Military deals keep factory going despite immigration raid
NEW BEDFORD, Mass. — Michael Bianco Inc. was a success story, a small leather factory in a struggling city that landed military contracts at such a rate that its work force more than quadrupled in the span of a few years.
Federal officials said that growth was on the backs of illegal immigrants. The U.S. Immigration and Customs Enforcement rounded up 361 workers in a March 6 raid at the waterfront factory, and arrested the company’s owner and three top managers.
Yet inside the factory, sewing machines still rattle away as remaining workers continue stitching together backpacks and vests for U.S. soldiers in Iraq and Afghanistan. Owner Francesco Insolia has been back on the job since the day after his arrest, and the company says more than 400 people have applied for jobs since the raid.

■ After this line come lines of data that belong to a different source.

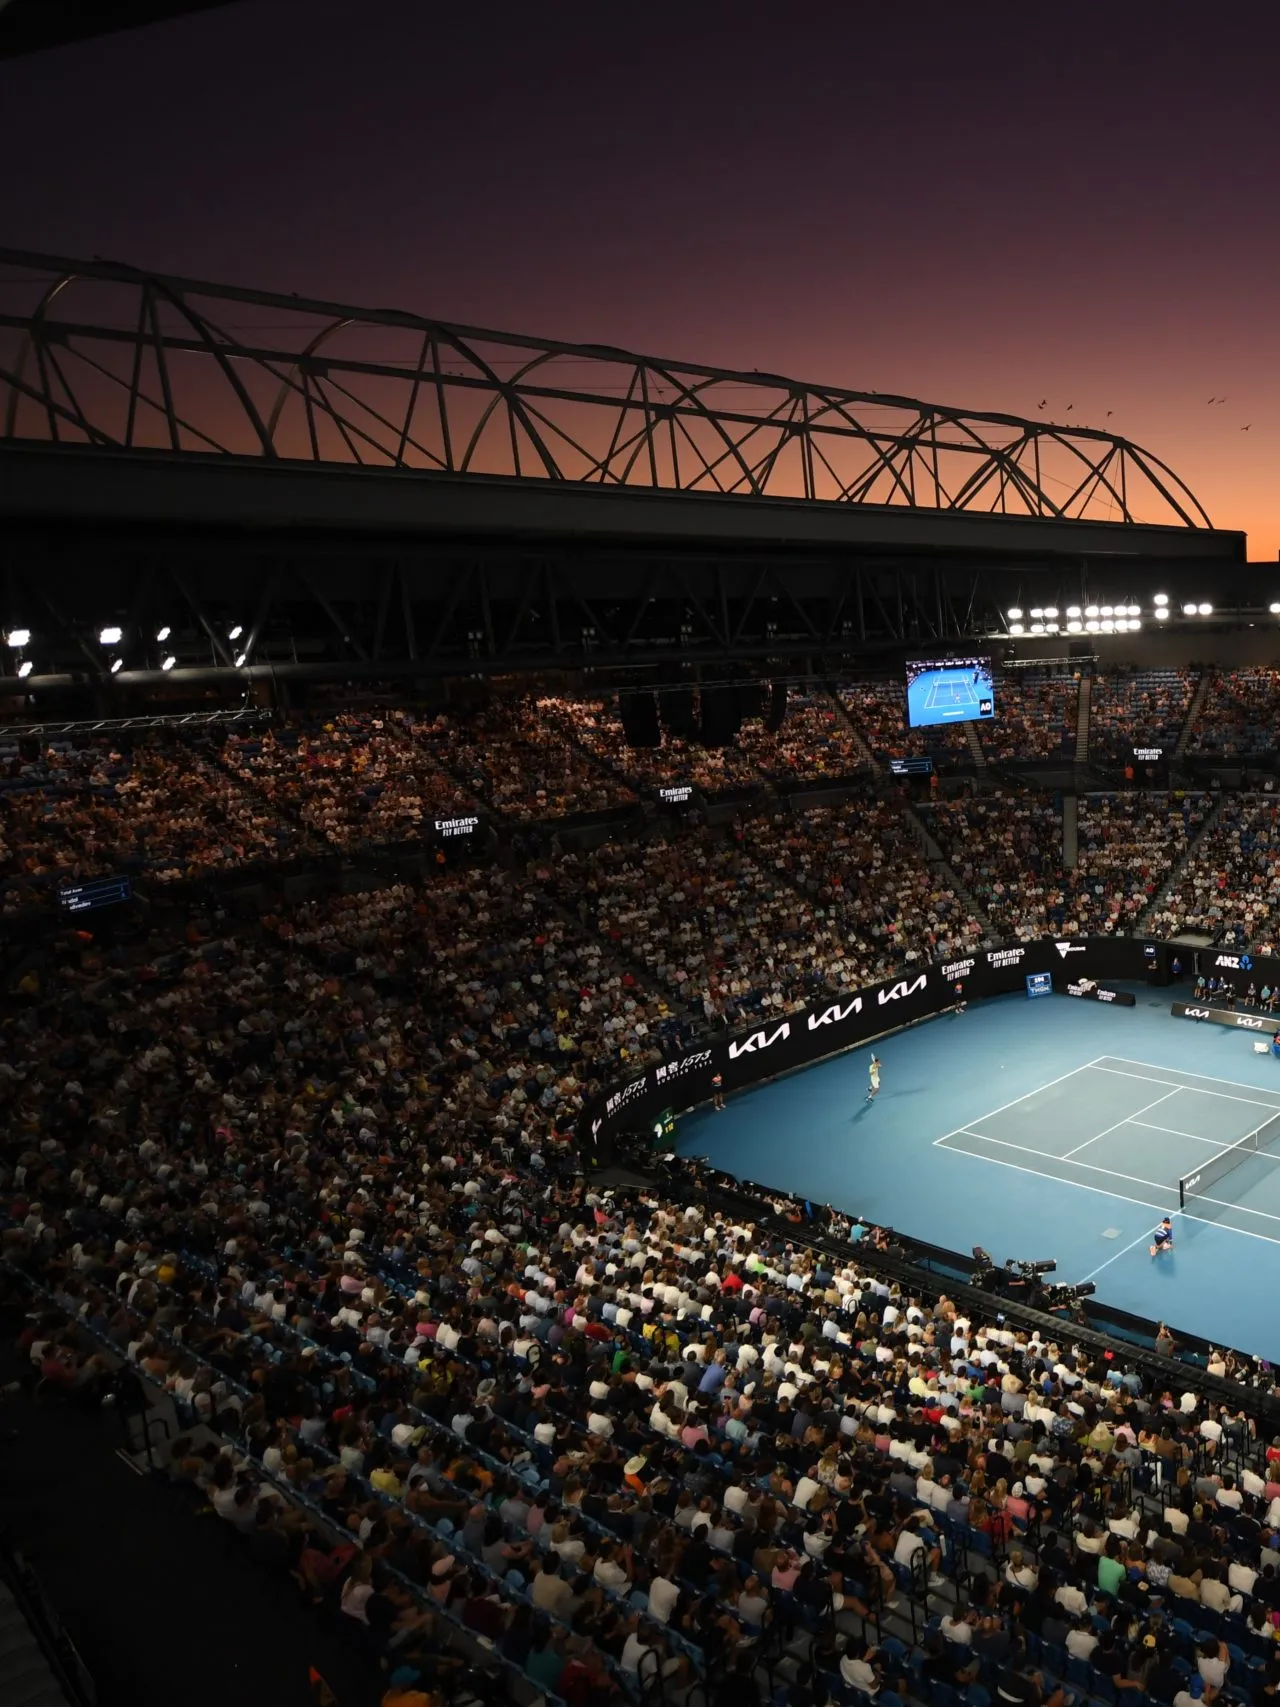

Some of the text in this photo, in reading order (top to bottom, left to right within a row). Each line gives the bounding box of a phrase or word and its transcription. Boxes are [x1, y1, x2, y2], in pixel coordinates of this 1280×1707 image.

[980, 702, 992, 712] AO
[660, 787, 692, 797] Emirates
[435, 816, 478, 830] Emirates
[987, 948, 1025, 962] Emirates
[993, 956, 1020, 968] FLY BETTER
[1215, 955, 1240, 969] ANZ
[942, 958, 975, 975] Emirates
[955, 967, 970, 979] BETTER
[878, 974, 927, 1005] KIA
[808, 997, 862, 1030] KIA
[1185, 1007, 1209, 1018] KIA
[1237, 1017, 1262, 1028] KIA
[729, 1023, 790, 1059] KIA
[680, 1049, 712, 1069] 1573
[622, 1077, 646, 1100] 1573

And unlikely allies have come forward in support of the company because of what’s at stake: $91 million in an Army contract and hundreds of jobs in a region with an unemployment rate nearly double the national rate.
“We regard these 361 positions as new jobs in New Bedford for qualified and legal residents,” New Bedford Mayor Scott Lang said. “I want these contracts to be kept in the city.”
The mayor wants Insolia to step aside and the company put under receivership in a bid to persuade the Pentagon that federal dollars are being well spent.
“I don’t want this company on a disqualification list if new people are running it,” said Lang, who also is seeking to recover $57,000 in tax breaks the city gave to Michael Bianco. “The individuals should be on a disqualification list.”
Michael Bianco had 85 employees in 2002, when it began winning bids to supply gear to the U.S. military. It was up to 325 workers in 2004, when it landed an $82 million contract to make vests and backpacks for the Defense Logistics Agency, which is the Pentagon’s purchasing arm.
The Army last year awarded a $138 million contract to Bianco and has paid about $47 million for goods so far. The remaining $91 million and future contracts are suspended pending the outcome of the case. Bianco remains under contract to produce $64 million in goods for a Pentagon contract ending in August.
Before striking it big with military contracts, the company did business with high-end retailers, and until last week boasted about it on its Web site, naming Timberland Co., Coach Inc. and shoemaker Rockport among its clients.
Those names were removed from the Web site after inquiries by The Associated Press. Apparel companies, under pressure from workers rights activists in recent years, have adopted strict standards for conditions at garment factories.
Coach lawyers sent a letter to Insolia to demand that Coach be removed from the site, said Andrea Shaw Resnick, a vice president for Coach, adding that Coach hasn’t done business with the factory for at least the past 10 years.
Insolia’s attorney, Frank Libby Jr., said the nation’s immigration enforcement puts too much pressure on employers.
“It’s left at the employers’ door — the one and only point where the country’s immigration policies are supposed to be enforced,” he said.
Federal immigration guidelines instruct employers to not challenge prospective workers whose paperwork “appears genuine,” said Libby, a former federal prosecutor who specializes in defending corporate executives.
He had no comment on the mayor’s proposal to have Insolia step aside.
U.S. Senator Edward Kennedy, D-Mass., also wants the jobs to stay in New Bedford.
“But absolutely no one who helped oversee the operation of this fraud on the taxpayers and wholesale undermining of labor law and human rights should be able to participate,” Kennedy spokeswoman Melissa Wagoner said.
One roadblock may be a Senate amendment approved by a vote of 94-0 on Jan. 26, with both Kennedy and U.S. Sen. John Kerry, D-Mass., voting for it — as part of the federal minimum wage bill. Under the bill, companies caught hiring illegal workers while on a federal contract would be banned from government work for 10 years.
New Bedford at one time was a thriving textile city, home to Wamsutta Mills, which in the late 1800s was the largest textile mill in the world. Today, most retailers import their goods from Asia and other regions offering cheap labor.
Insolia, eager to change the public perception set by prosecutors who called his business a “typical sweatshop,” allowed Libby to give an Associated Press reporter and photographer a tour of the facility. That followed the release of a video — available on YouTube and produced by a public relations firm — that offers a similar look inside the company.
The day of the raid, U.S. Attorney Michael Sullivan accused Insolia of exploiting the illegal immigrants, paying them $7 to $7.50 per hour under “deplorable conditions,” including fining workers $20 for spending more than two minutes in the bathroom or talking while working. Minimum wage in Massachusetts as of Jan. 1 is $7.50 per hour.
Libby called the sweatshop allegations “baloney” and said there are no charges filed related to working conditions. He wouldn’t discuss the charges specifically. Insolia and his co-defendants are due in federal court April 6. They each face 10 years in prison.